В понедельник, конечно, снова начались классы и репетиции.
– Где Марджери? – спросил Пиановский, оглядывая сцену.
Марджери отсутствовала полдня и явилась, сонно протирая глаза. Она явно легла в постель в восемь утра в воскресенье и проспала двадцать четыре часа, время от времени пробуждаясь, чтобы поесть то, что приносила ей сердобольная квартирная хозяйка. Таково было истощение от трехнедельного турне с остановками на одну ночь.
Оставалось всего лишь три недели до нашей поездки в Штаты. Еще две девушки были наняты в труппу: англичанка Джоун Уорд и Тирза Роджерз, танцовщица из далекой Новой Зеландии, только что завершившая ангажемент у Карсавиной в Лондоне. Как только мы приехали в Эдинбург, к нам снова присоединился старший балетмейстер Павловой Иван Хлюстин. Это был серьезный низенький полный человечек с бородкой. Пиановский выстроил всех новых танцовщиков вперед в линию для первого занятия, которое проводил Хлюстин, и был настолько предупредителен, что не стал давать нам обычных упражнений, которые я до сих пор считаю очень трудными.
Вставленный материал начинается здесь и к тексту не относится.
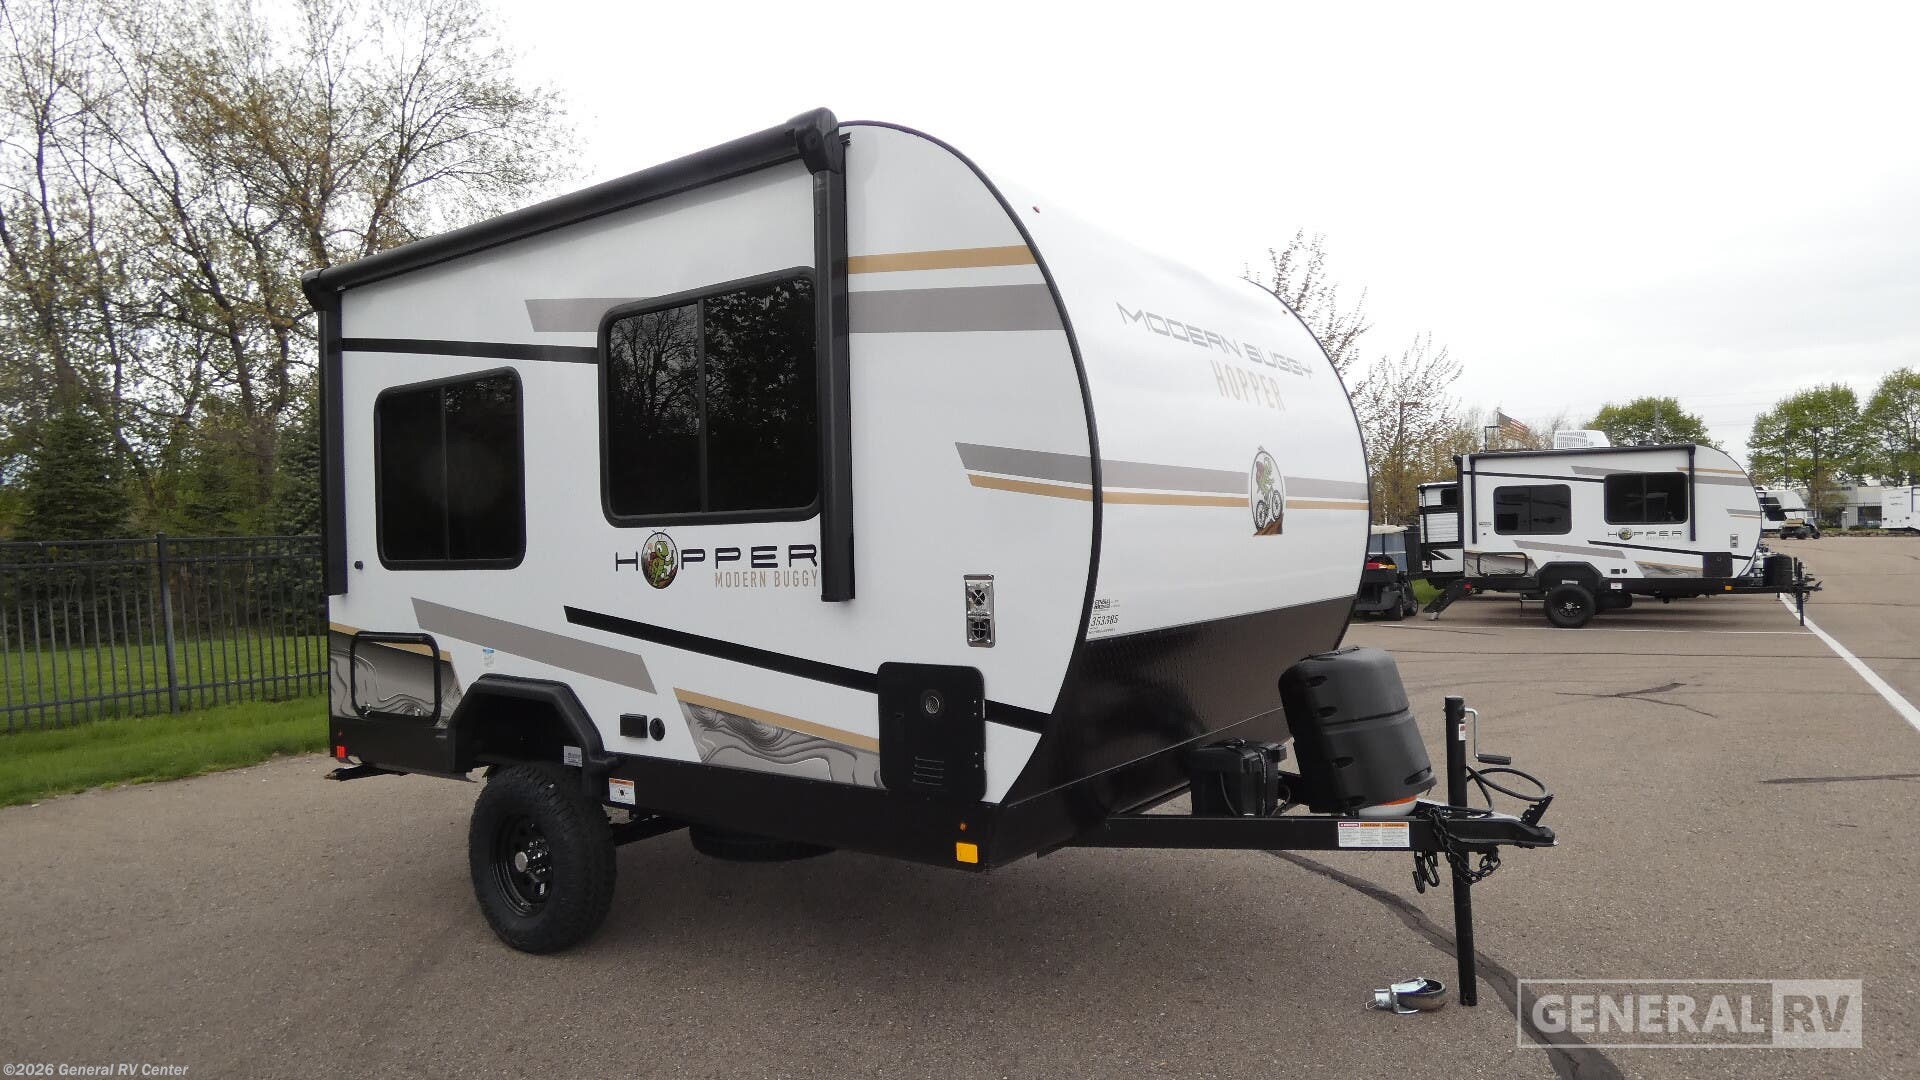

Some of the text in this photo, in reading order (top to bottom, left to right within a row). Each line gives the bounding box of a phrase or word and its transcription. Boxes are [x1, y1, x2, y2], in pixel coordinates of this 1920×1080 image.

[1116, 301, 1313, 379] MODERN BUGGY
[1210, 359, 1286, 411] HOPPER
[714, 569, 818, 589] MODERN BUGGY
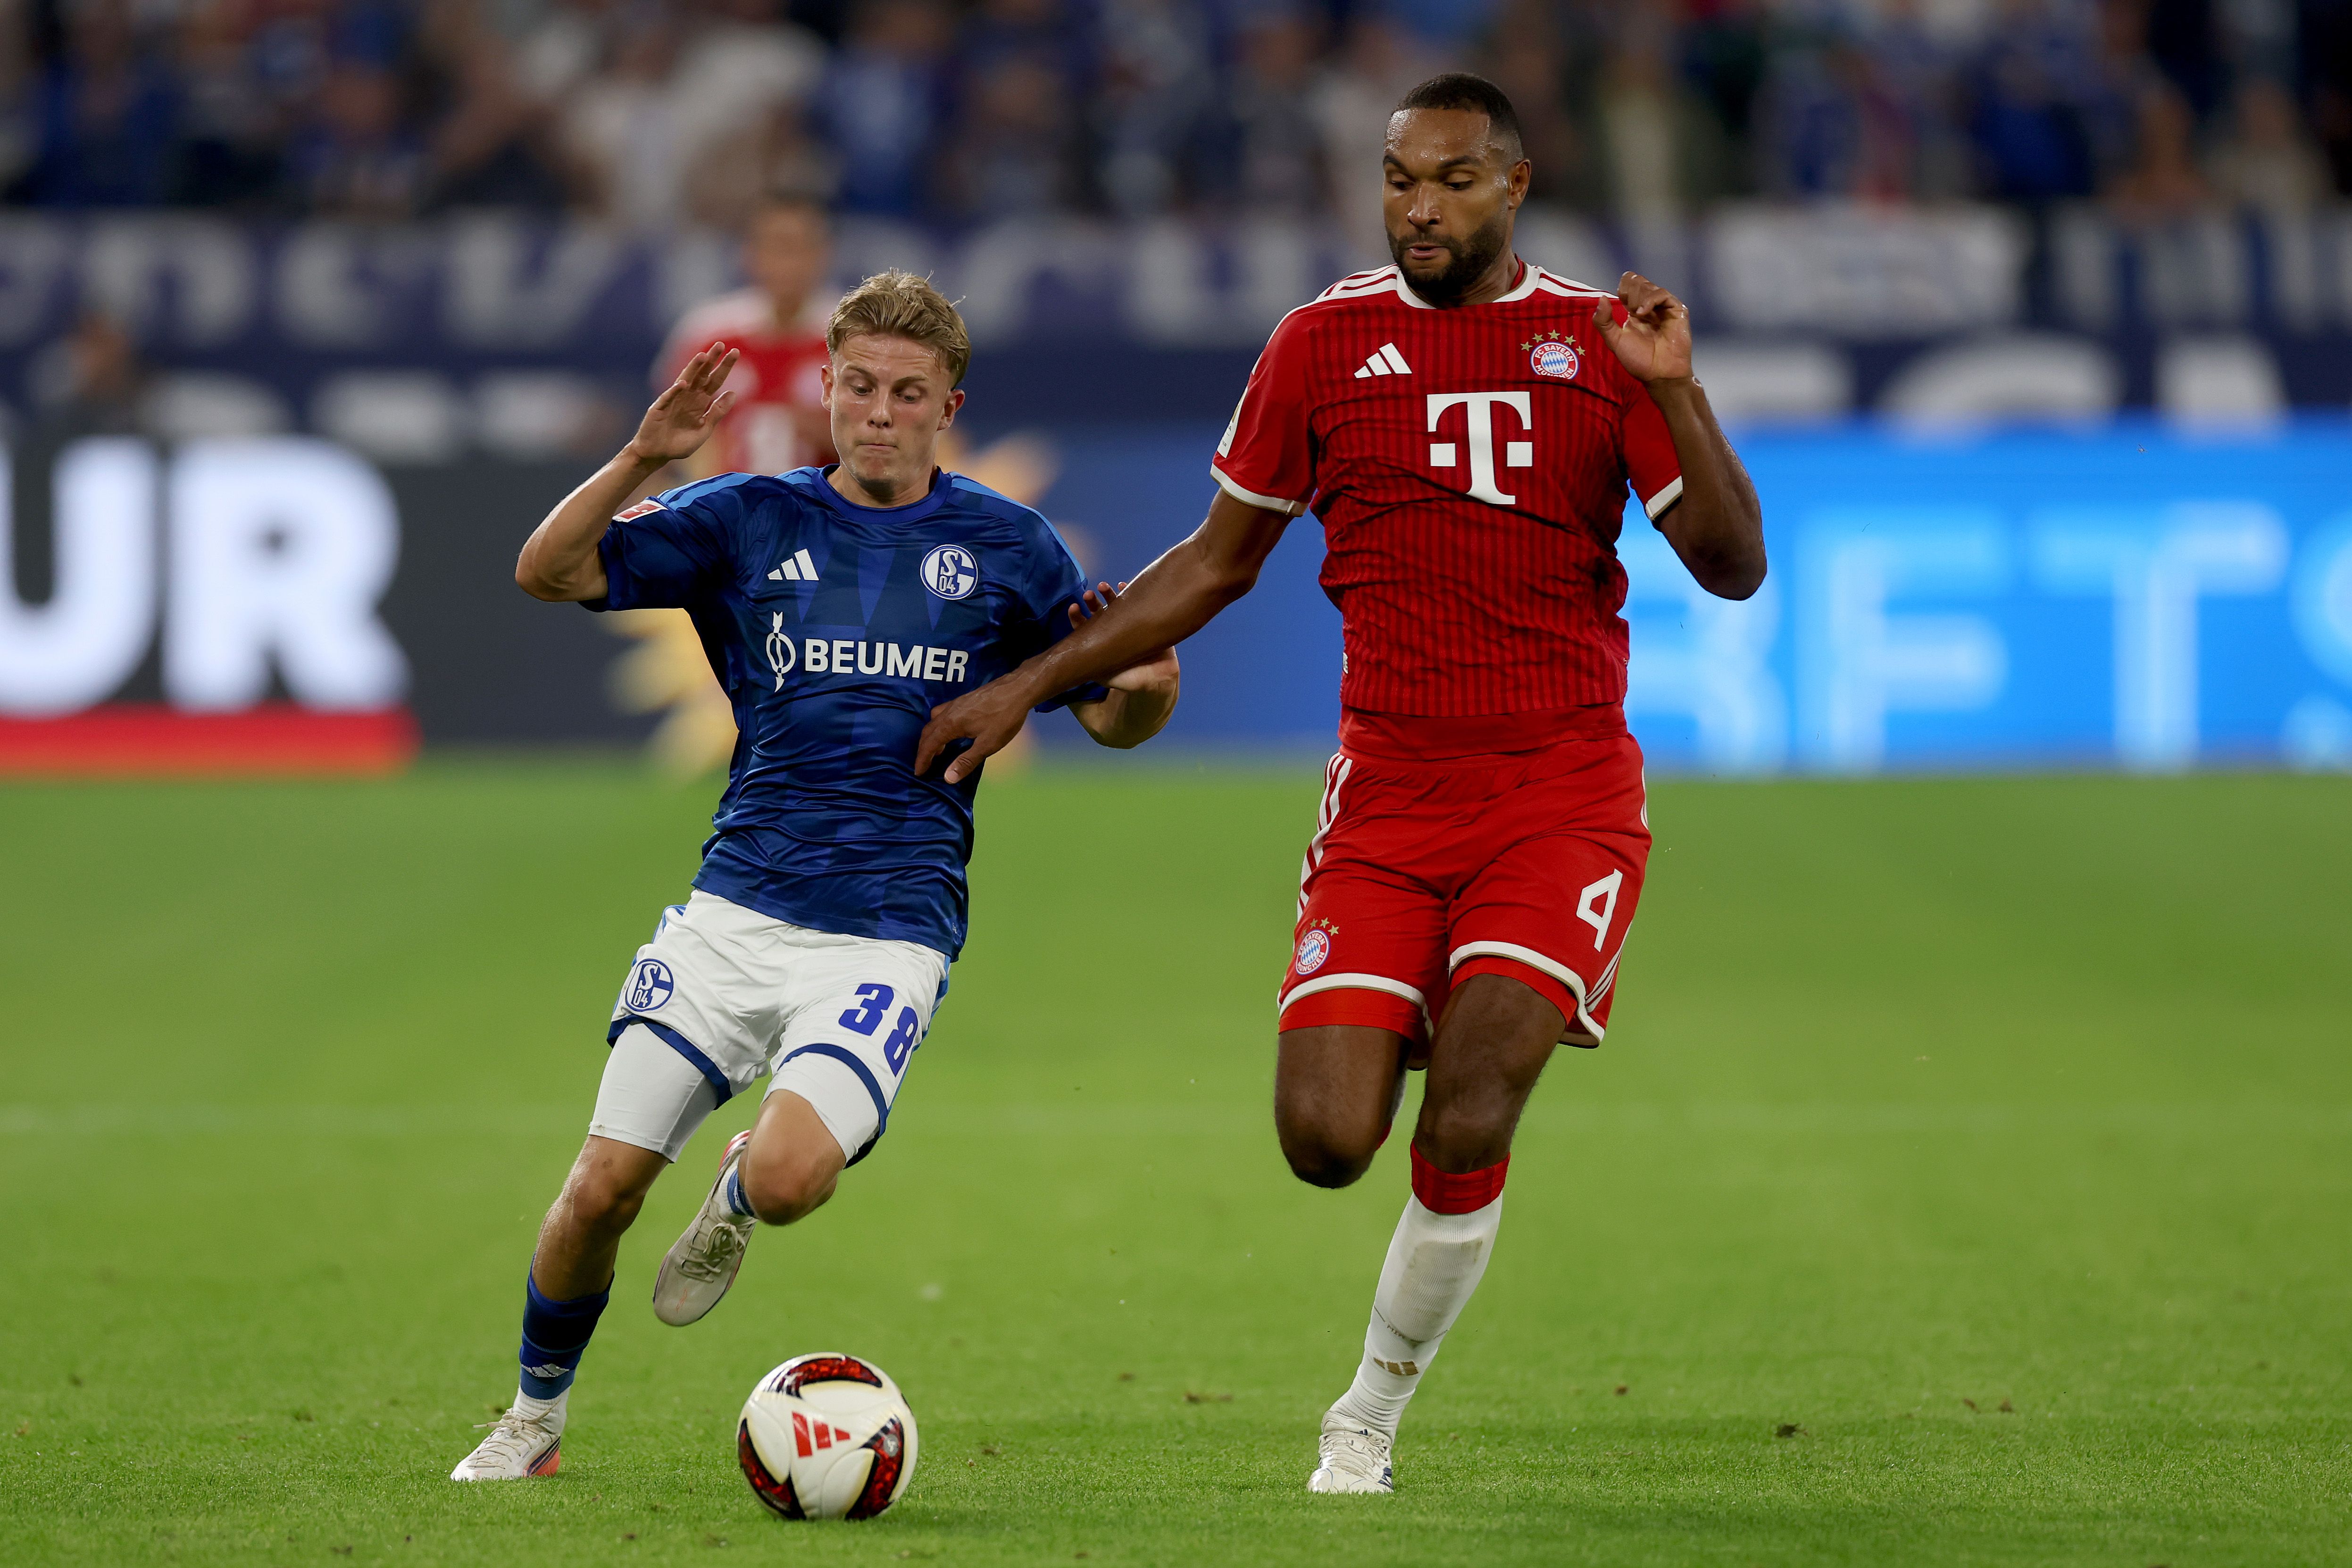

Реакция Хлюстина на мой танец несколько отличалась от привычного слова «хорошо» – он просто принялся смеяться. Чем выше становились мои прыжки и чем более героический характер приобретали жесты, тем громче он хохотал. Сперва я был немного смущен, но вскоре понял, что он смеется от удивления. У меня не было общего представления о балетах, которые мы разучивали, так что мой танец часто выпадал из контекста. Вскоре я понял, что мне повезло, – если бы Хлюстин не развеселился, он мог рассердиться, и мне пришлось бы трудно. Я усердно работал над «Шутами», такое название мы дали трепаку в «Сказках» (последний акт «Спящей красавицы»), хотя музыка причиняла мне большую сердечную боль, поскольку мой брат Рей, погибший во время войны, обычно упражнялся под нее в своей танцевальной школе. Недавно присоединившийся к труппе Караваев помог мне разучить присядку и другие па. Я испытывал огромное волнение, принимая участие в русском танце вместе с русскими и поляками, и изо всех сил старался, чтобы мои прыжки соответствовали моему энтузиазму. Линда, всегда готовая дать полезный совет, помогала мне как могла.
– Вытяни руки! Я вытягивал.
– Выше.
– Выше.
Я терялся в лабиринте повелительных голосов.
– Ноги!
– Пятки!
– Колени!
– Голову!
Прошло немало лет с тех пор, как я разучил этот танец, но и теперь я не могу слышать мелодию трепака без того, чтобы мысленно не протанцевать его от начала до конца. Я все еще живо помню эти наполненные напряженным трудом дни в Эдинбурге. Я обычно покидал свои комнаты в девять утра, кипя энергией, и возвращался в одиннадцать вечера, ощущая себя проколотой шиной. На мою шотландскую квартирную хозяйку это производило большое впечатление. Она представить не могла, что простой лондонец способен так трудиться.